The most immediate concern is debt. A $1.5 trillion funding gap for new datacenters is being filled by private credit, a “shadow banking” sector. Mark Zuckerberg’s Meta has already taken $29bn from this market. Experts warn that lenders, desperate to invest in AI, are ignoring the “very quickly depreciating assets” they are funding. Harris Kupperman, a hedge fund founder, warned datacenters will depreciate twice as fast as the revenue they generate.
This “speculative” investment is flying in the face of doubtful returns. An MIT study found 95% of businesses piloting generative AI are getting zero return on their investment. This data undermines the “lofty revenue expectations” that generative AI will be a $1tn market by 2028, which is the core justification for the $3tn datacenter spend.

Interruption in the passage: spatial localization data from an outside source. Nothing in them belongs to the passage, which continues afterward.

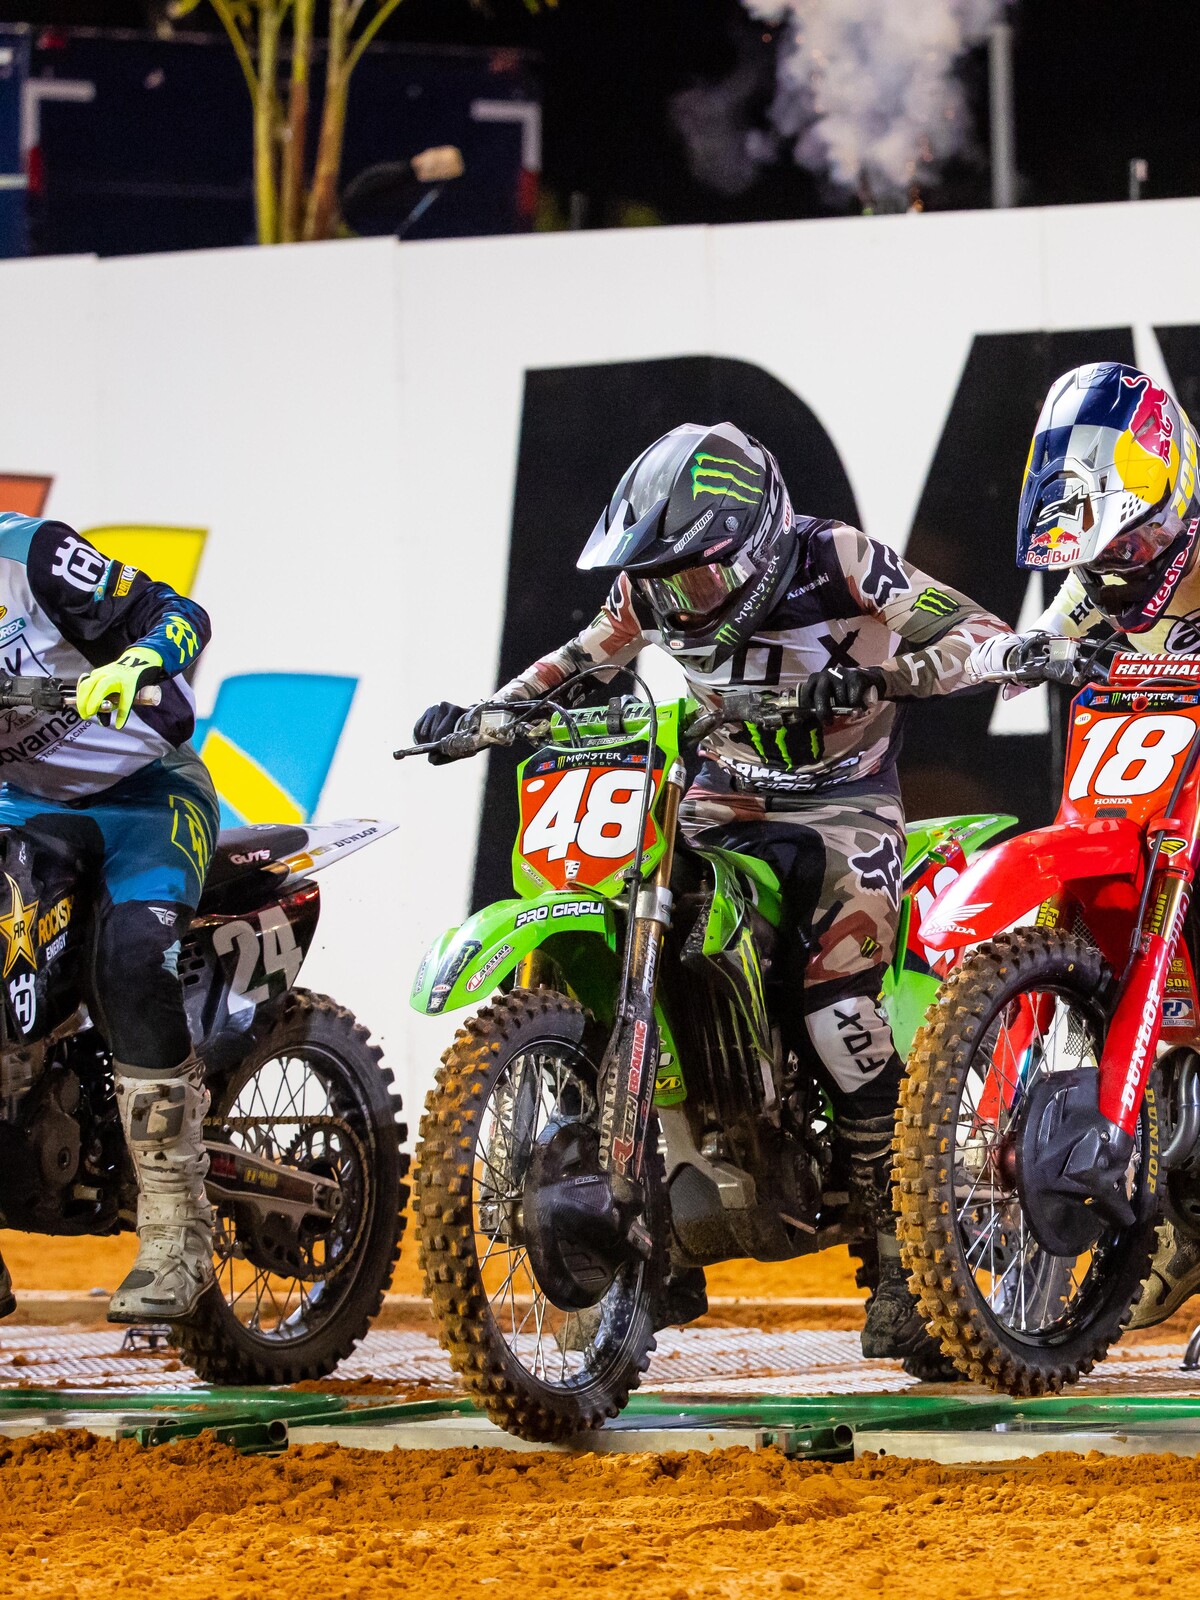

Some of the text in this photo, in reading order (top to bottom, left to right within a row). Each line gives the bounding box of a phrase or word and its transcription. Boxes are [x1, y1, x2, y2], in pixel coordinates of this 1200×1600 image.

[1026, 547, 1081, 565] Red Bull
[1142, 566, 1179, 618] Red
[1114, 663, 1200, 676] RENTHAL
[1121, 692, 1175, 702] MONSTER
[566, 752, 622, 763] MONSTER
[1068, 714, 1197, 802] 18
[522, 768, 656, 863] 48
[1093, 797, 1133, 805] HONDA
[334, 827, 379, 848] DUNLOP
[516, 902, 604, 928] PRO CIRCUI
[213, 905, 304, 1006] 24
[628, 1019, 648, 1095] BRAKING
[832, 1008, 886, 1075] FOX
[1121, 978, 1161, 1112] DUNLOP
[598, 1058, 620, 1171] DUNLO
[1144, 1087, 1160, 1195] DUNLOP
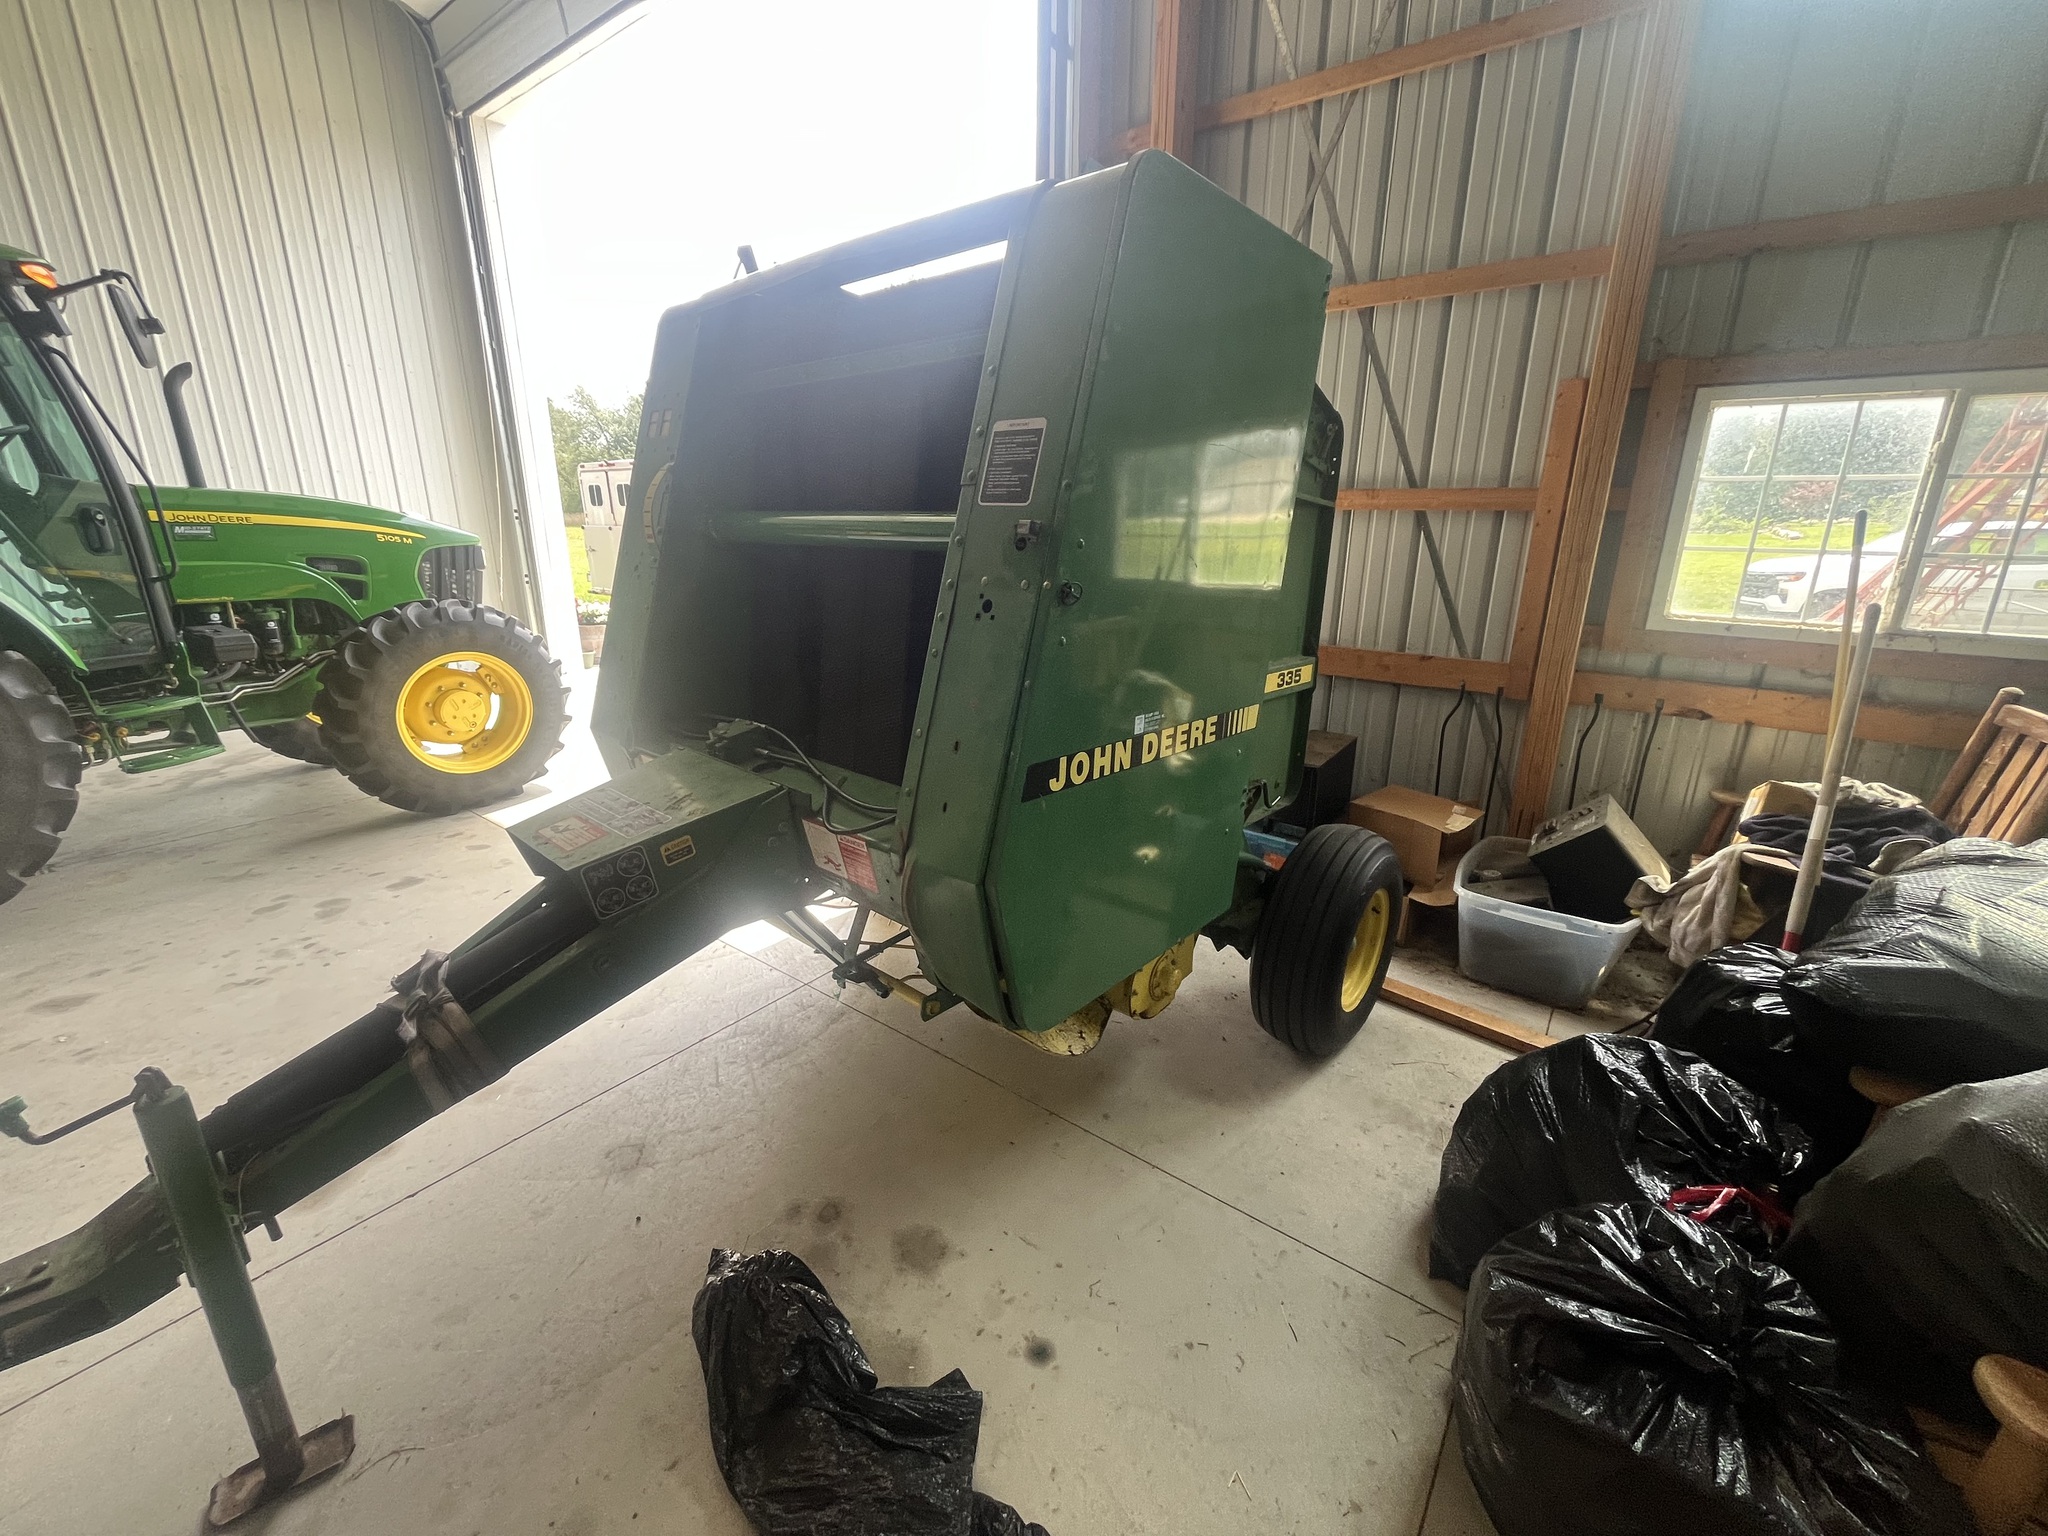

The Uptime Institute, which inspects datacenters, confirmed that many announced projects are pure hype. Its executive director said many are “speculative” and “will never be built,” or will only be “populated partially.” Alibaba’s chair, Joe Tsai, has also warned of a “bubble” in projects raising money without customer commitments.
While tech giants like Microsoft and Google are building on a foundation of massive cash flow, the wider boom is being propped up by “unproven” projects. If these debt-fueled, speculative builds fail, the resulting defaults could trigger “structural risk to the overall global economy.”